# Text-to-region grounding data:
################
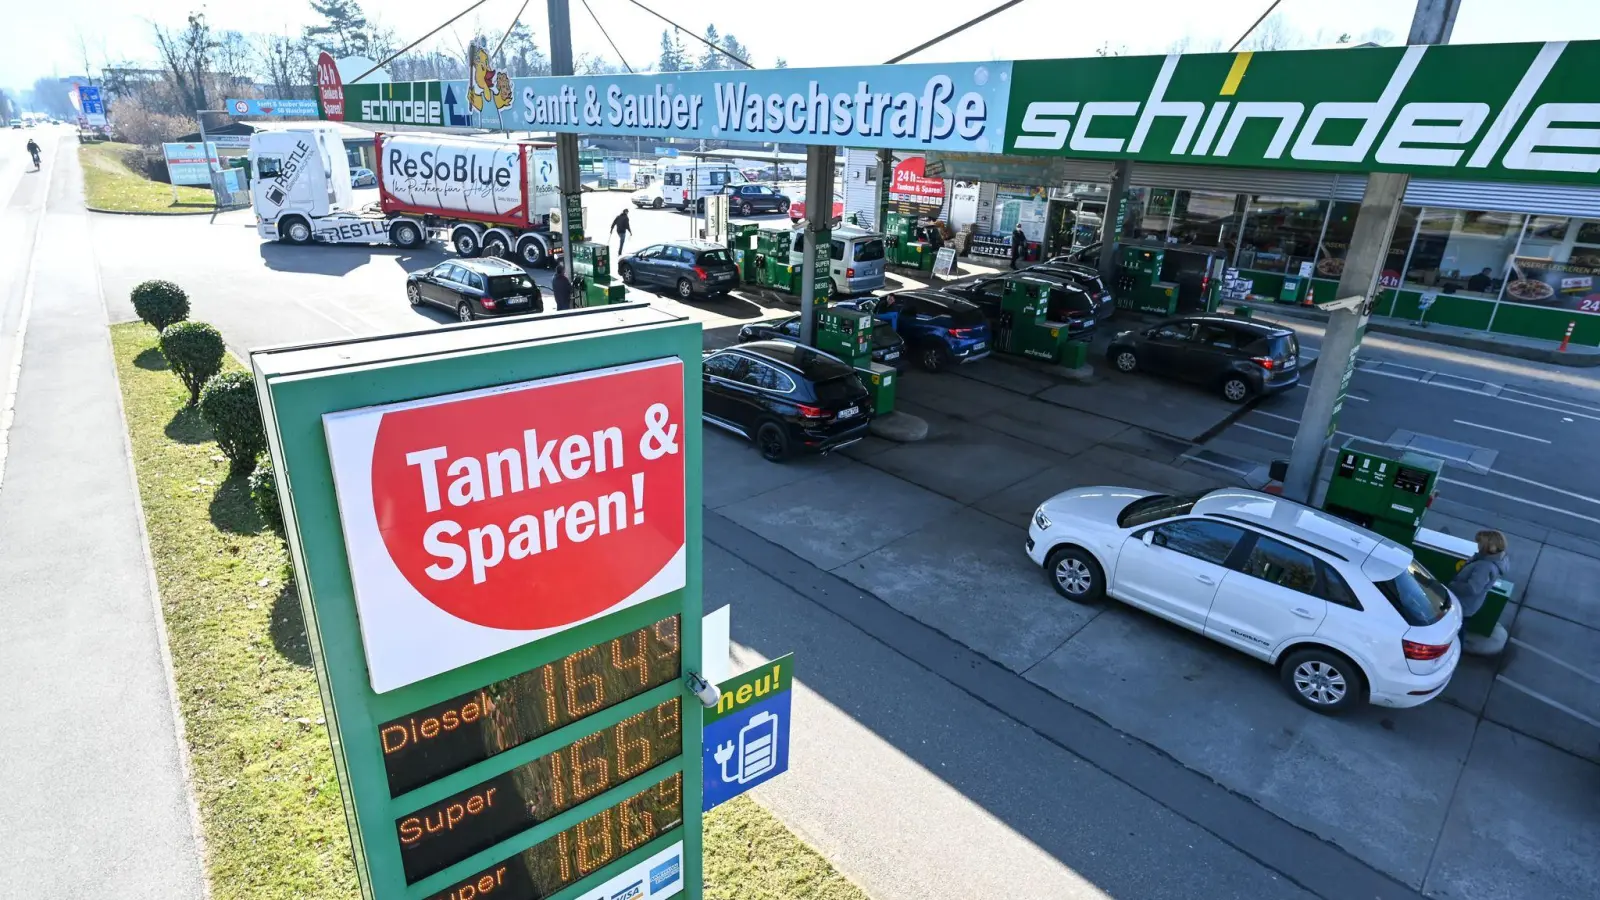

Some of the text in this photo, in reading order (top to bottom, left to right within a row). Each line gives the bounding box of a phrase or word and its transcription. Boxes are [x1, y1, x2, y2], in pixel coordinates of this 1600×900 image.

[318, 63, 336, 84] 24 h
[321, 87, 343, 99] Tanken &
[362, 82, 441, 124] schindele
[323, 101, 343, 114] Sparen!
[523, 74, 988, 143] Sanft & Sauber Waschstraße
[1014, 41, 1600, 173] schindele
[275, 140, 309, 188] RESTLE
[390, 148, 511, 187] ReSoBlue
[407, 177, 443, 195] Partner
[897, 170, 909, 182] 24
[910, 171, 916, 182] h
[897, 183, 915, 191] Tanken
[922, 185, 943, 194] Sparen!
[329, 220, 390, 241] RESTLE
[815, 282, 828, 290] DIESEL
[1390, 275, 1398, 286] h
[1581, 300, 1600, 311] 24
[405, 403, 679, 513] Tanken &
[423, 472, 645, 585] Sparen!
[717, 666, 781, 714] neu!
[381, 688, 492, 754] Diesel
[400, 785, 497, 844] Super
[616, 887, 640, 900] VISA
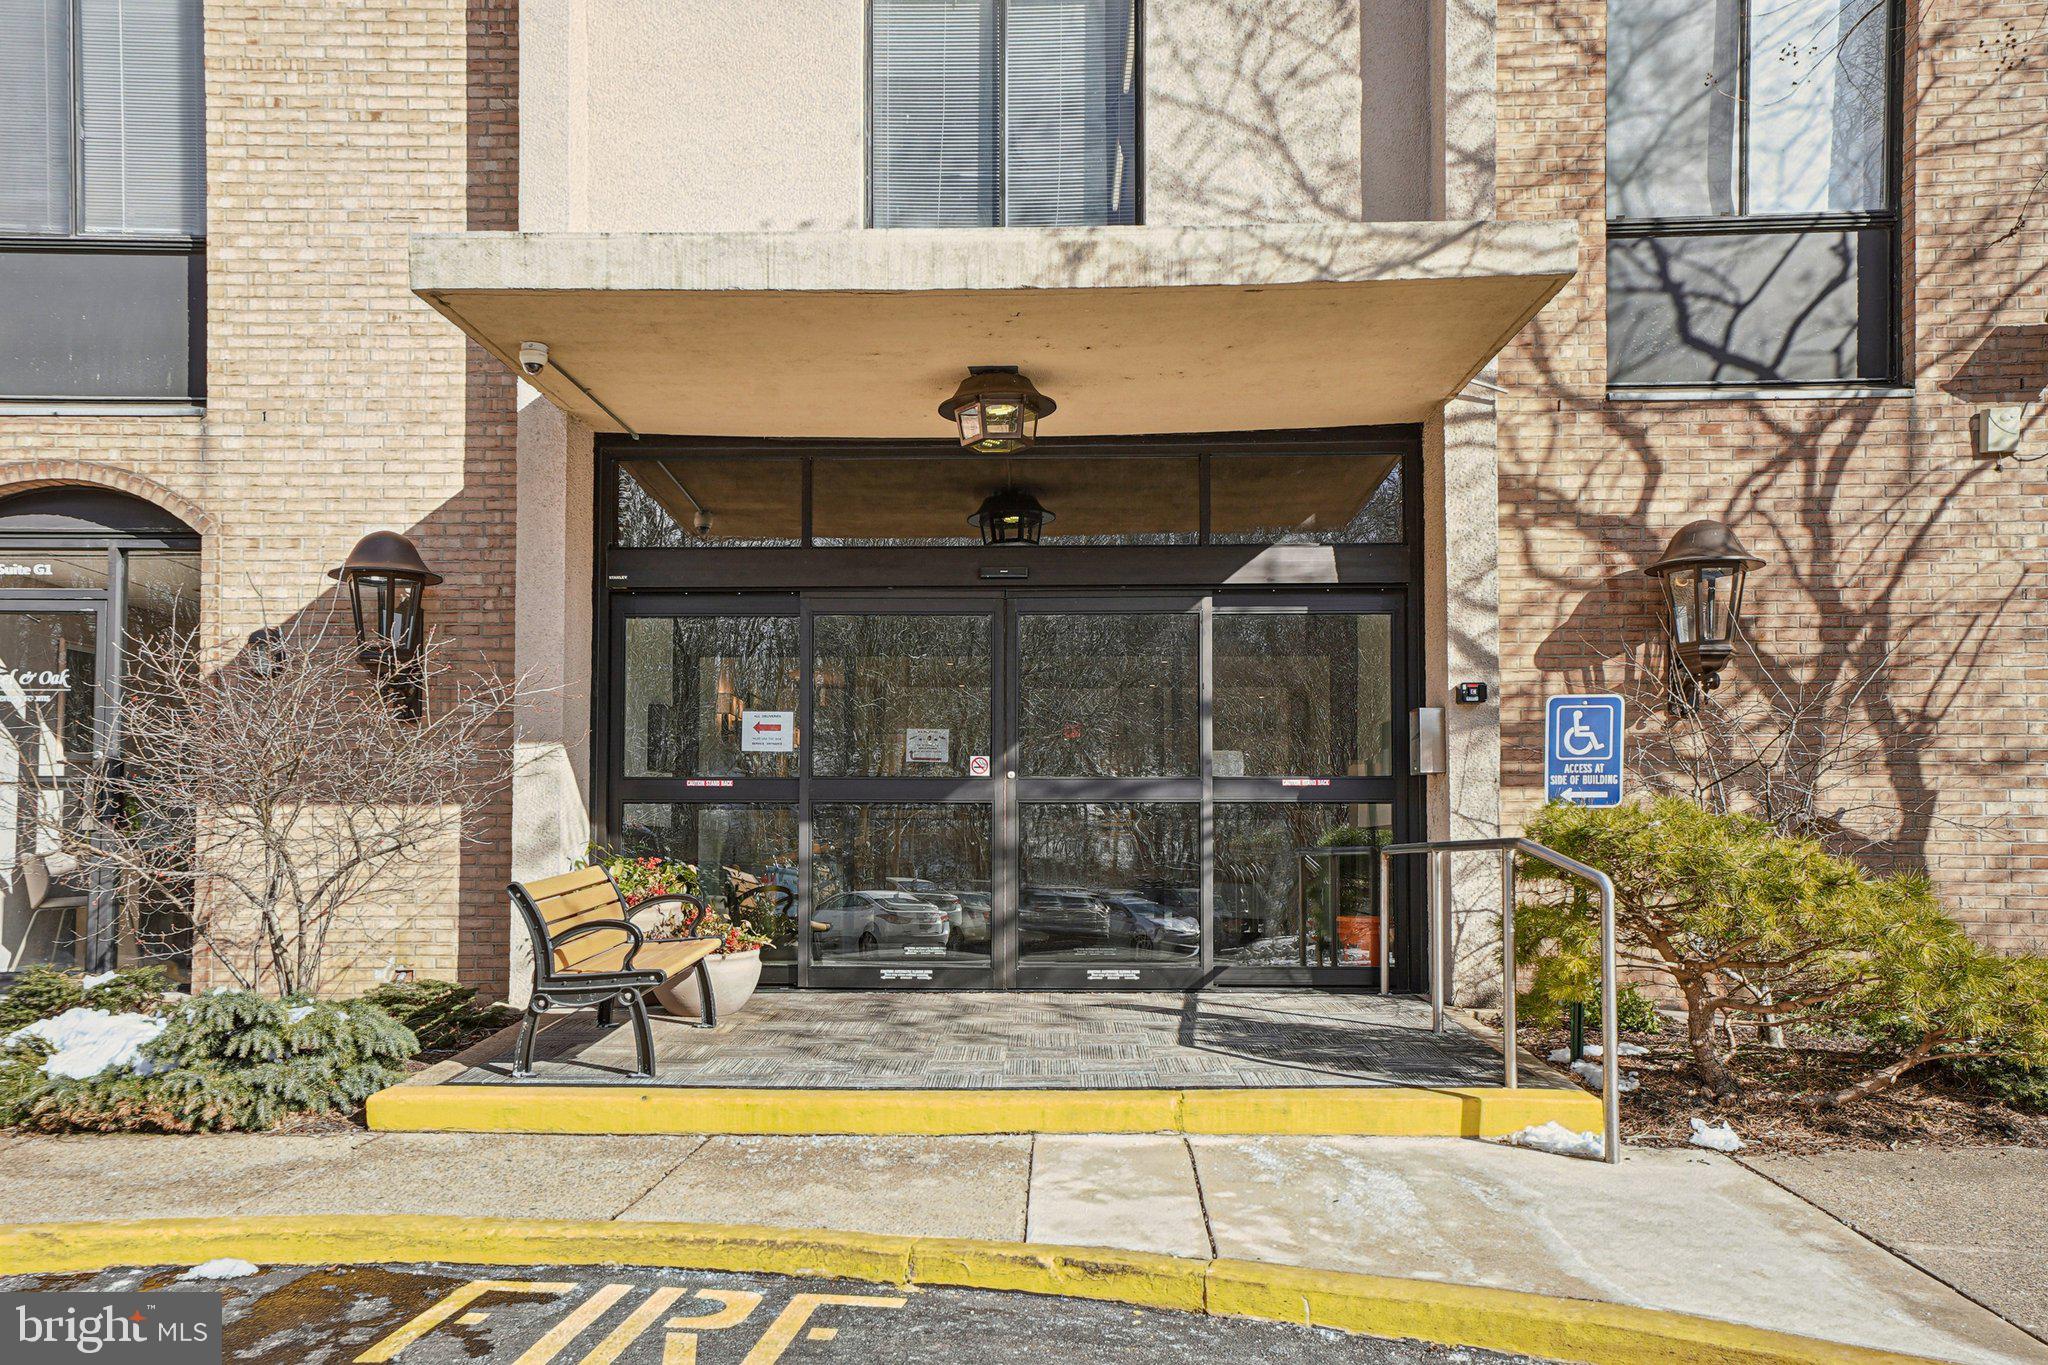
################
# PROBLEM DETAILS:
For this exercise, transcribe the entries above exactly, without any pictures.

# REPLY TO THE EXERCISE:
Some of the text in this photo, in reading order (top to bottom, left to right within a row). Each line gives the bounding box of a phrase or word and its transcription. Boxes are [x1, y1, x2, y2], in pixel coordinates of this 1600×900 image.

[318, 63, 336, 84] 24 h
[321, 87, 343, 99] Tanken &
[362, 82, 441, 124] schindele
[323, 101, 343, 114] Sparen!
[523, 74, 988, 143] Sanft & Sauber Waschstraße
[1014, 41, 1600, 173] schindele
[275, 140, 309, 188] RESTLE
[390, 148, 511, 187] ReSoBlue
[407, 177, 443, 195] Partner
[897, 170, 909, 182] 24
[910, 171, 916, 182] h
[897, 183, 915, 191] Tanken
[922, 185, 943, 194] Sparen!
[329, 220, 390, 241] RESTLE
[815, 282, 828, 290] DIESEL
[1390, 275, 1398, 286] h
[1581, 300, 1600, 311] 24
[405, 403, 679, 513] Tanken &
[423, 472, 645, 585] Sparen!
[717, 666, 781, 714] neu!
[381, 688, 492, 754] Diesel
[400, 785, 497, 844] Super
[616, 887, 640, 900] VISA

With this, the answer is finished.